Least Squares Optimization Method
Based on the best answer from the Q&A data, we employ the leastsq function from SciPy for least squares optimization. This method finds optimal parameters by minimizing the sum of squared residuals. Here's the complete implementation:
import numpy as np
from scipy.optimize import leastsq
import matplotlib.pyplot as plt
# Generate simulated data
N = 1000
t = np.linspace(0, 4*np.pi, N)
true_freq = 1.15247
data = 3.0 * np.sin(true_freq * t + 0.001) + 0.5 + np.random.randn(N)
# Initial parameter estimates
guess_mean = np.mean(data)
guess_std = 3 * np.std(data) / (2**0.5) / (2**0.5)
guess_phase = 0
guess_freq = 1
guess_amp = guess_std
# Define optimization function
optimize_func = lambda x: x[0] * np.sin(x[1] * t + x[2]) + x[3] - data
# Perform optimization
initial_guess = [guess_amp, guess_freq, guess_phase, guess_mean]
est_amp, est_freq, est_phase, est_mean = leastsq(optimize_func, initial_guess)[0]
# Generate fitted curve
fine_t = np.arange(0, max(t), 0.1)
data_fit = est_amp * np.sin(est_freq * fine_t + est_phase) + est_mean
# Visualize results
plt.figure(figsize=(10, 6))
plt.plot(t, data, '.', alpha=0.5, label='Original Data (with Noise)')
plt.plot(fine_t, data_fit, 'r-', linewidth=2, label='Fitted Curve')
plt.xlabel('Time')
plt.ylabel('Amplitude')
plt.legend()
plt.grid(True)
plt.show()
Initial Parameter Estimation Strategy
Successful sine curve fitting heavily relies on reasonable initial parameter estimates:
- Offset Estimation: Directly compute the data mean:
guess_mean = np.mean(data) - Amplitude Estimation: Estimate based on data standard deviation:
guess_amp = 3 * np.std(data) / (2√2) - Frequency Estimation: This is the most challenging aspect. If the approximate frequency range is known, it can be manually specified; otherwise, alternative methods are needed
- Phase Estimation: Typically start from 0, allowing the optimization algorithm to adjust automatically
Frequency Estimation Challenges and Solutions
As noted in the Q&A data, direct optimization of frequency parameters can lead to fitting failures, especially when initial guesses deviate significantly from true values. As a supplement, we can reference the FFT method from the first answer:
def estimate_frequency_fft(tt, yy):
"""Estimate dominant frequency using FFT"""
ff = np.fft.fftfreq(len(tt), (tt[1] - tt[0]))
Fyy = abs(np.fft.fft(yy))
# Exclude zero-frequency peak (corresponding to offset)
dominant_idx = np.argmax(Fyy[1:]) + 1
return abs(ff[dominant_idx])
# Improve frequency estimation in original code
guess_freq = estimate_frequency_fft(t, data - guess_mean)
print(f"FFT Estimated Frequency: {guess_freq:.4f}")

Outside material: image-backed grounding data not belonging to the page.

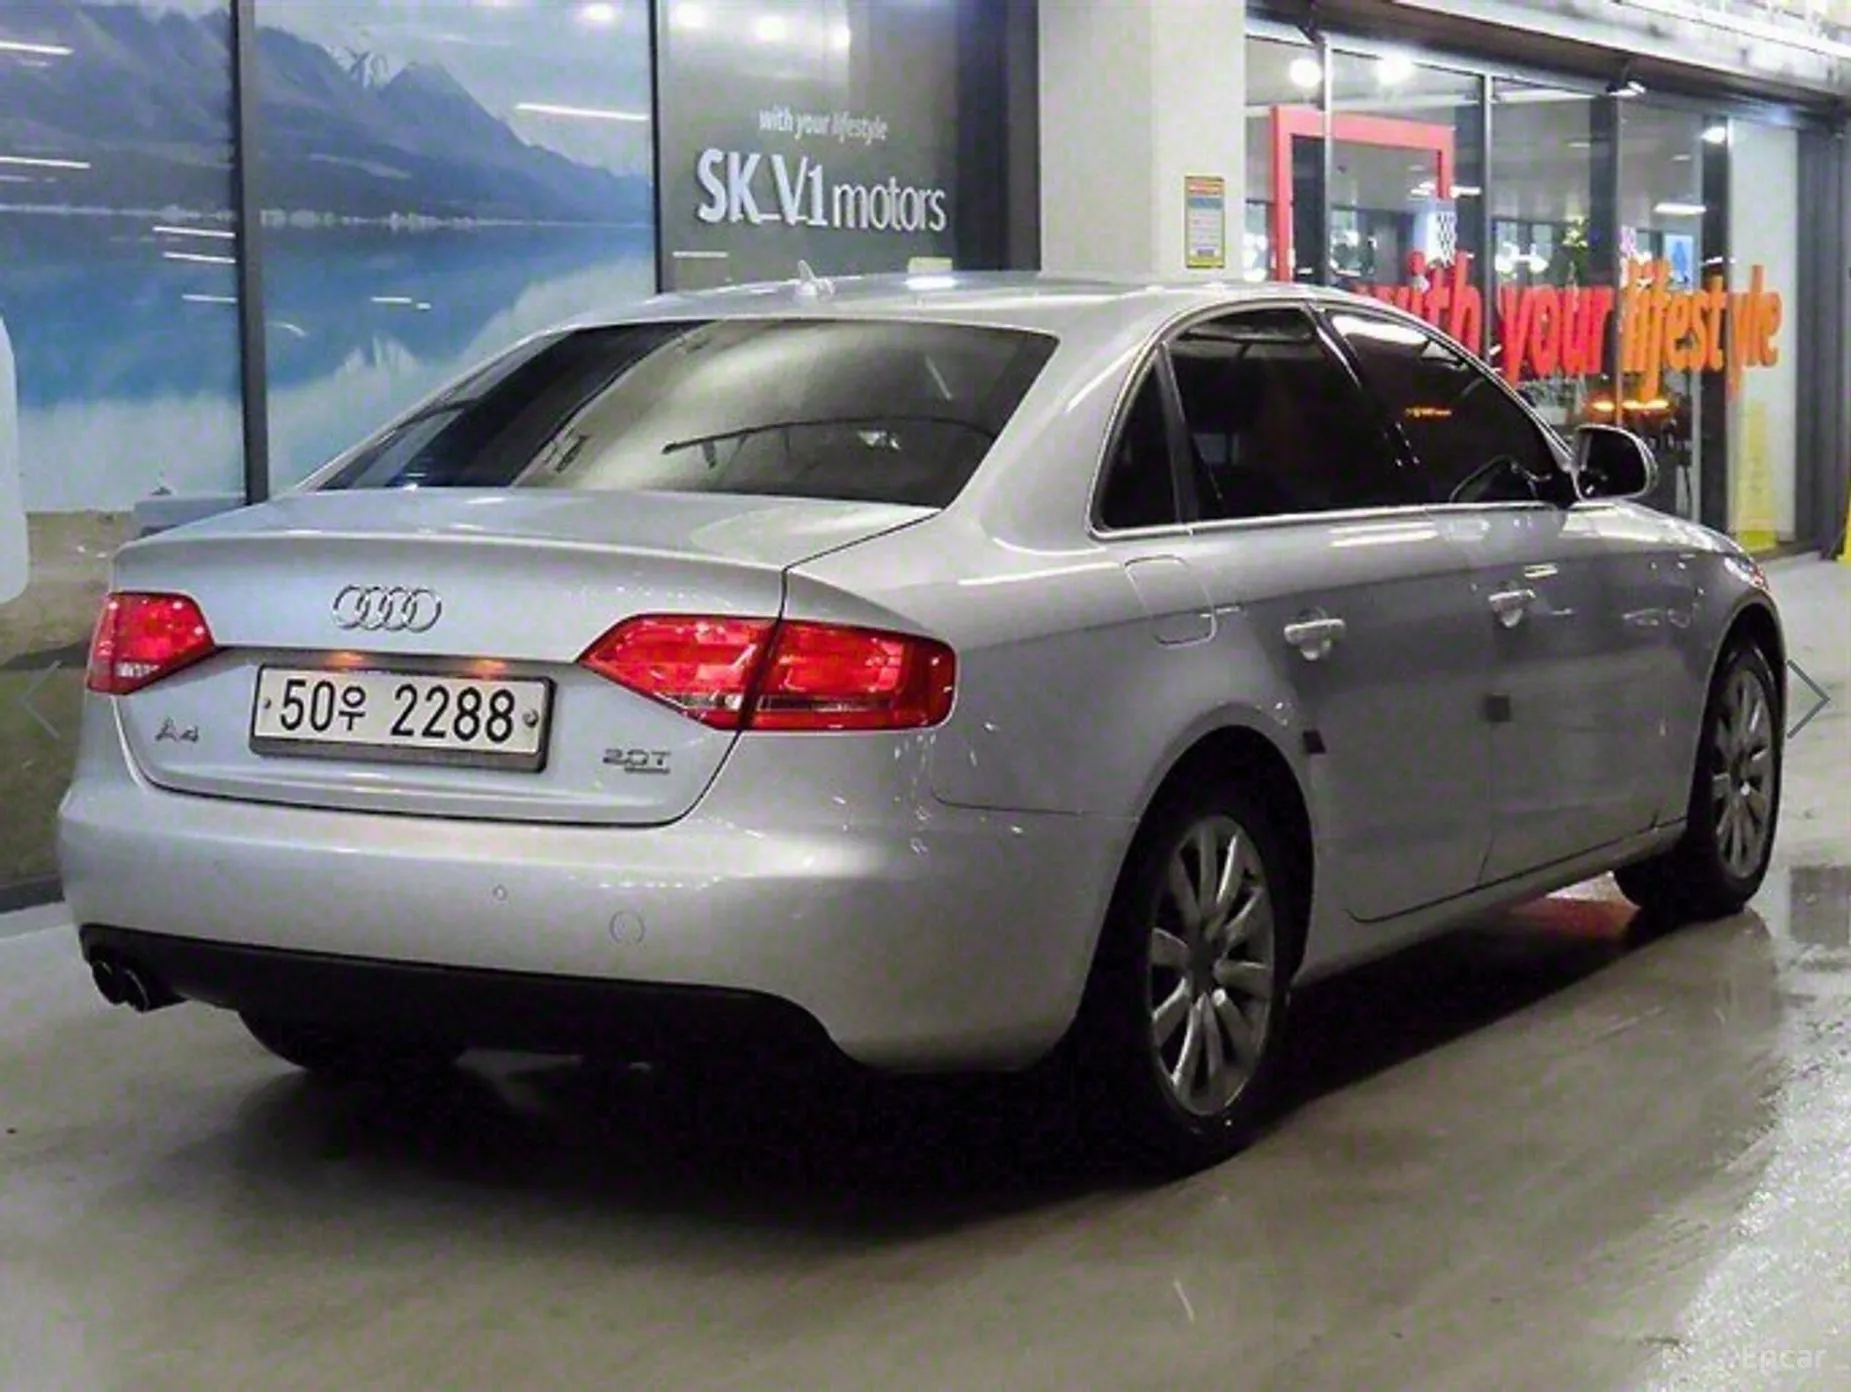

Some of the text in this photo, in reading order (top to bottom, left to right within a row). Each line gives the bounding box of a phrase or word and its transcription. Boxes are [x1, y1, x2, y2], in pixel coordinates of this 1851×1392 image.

[759, 105, 888, 145] with your lifestyle
[697, 147, 948, 232] SK V1 motors
[1353, 250, 1783, 403] ith your lifestyle
[155, 716, 199, 743] A4
[279, 678, 516, 743] 50우 2288

print(f"True Frequency: {true_freq:.4f}")
print(f"Relative Error: {abs(guess_freq - true_freq)/true_freq*100:.2f}%")
Fitting Quality Assessment
Evaluating sine curve fitting quality requires multiple metrics:
# Calculate goodness-of-fit metrics
residuals = data - (est_amp * np.sin(est_freq * t + est_phase) + est_mean)
RSS = np.sum(residuals**2) # Residual Sum of Squares
TSS = np.sum((data - np.mean(data))**2) # Total Sum of Squares
R_squared = 1 - (RSS / TSS)
print(f"Amplitude Estimate: {est_amp:.4f}")
print(f"Frequency Estimate: {est_freq:.4f}")
print(f"Phase Estimate: {est_phase:.4f}")
print(f"Offset Estimate: {est_mean:.4f}")
print(f"R² Value: {R_squared:.4f}")
Practical Application Considerations
In practical applications, sine curve fitting requires attention to:
- Data Preprocessing: Ensure uniformly sampled time series, interpolate if necessary
- Noise Handling: Filtering may be required in high-noise environments
- Multiple Frequency Components: More complex models needed for signals with multiple frequencies
- Boundary Conditions: Account for phase parameter periodicity to avoid 2π integer multiples
Extended Applications
The methods described can be extended to more complex scenarios:
- Multiple Superimposed Sine Waves: Extend optimization function to handle multiple frequency components
- Nonlinear Least Squares: Use
curve_fitfunction for more flexible interfaces - Real-time Fitting: Implement real-time sine parameter estimation with sliding window techniques
By combining least squares optimization with FFT-based frequency estimation, we establish a robust sine curve fitting framework. This approach maintains computational efficiency while handling real-world data with varying noise levels, providing reliable tools for economic cycle analysis, signal processing, and other applications.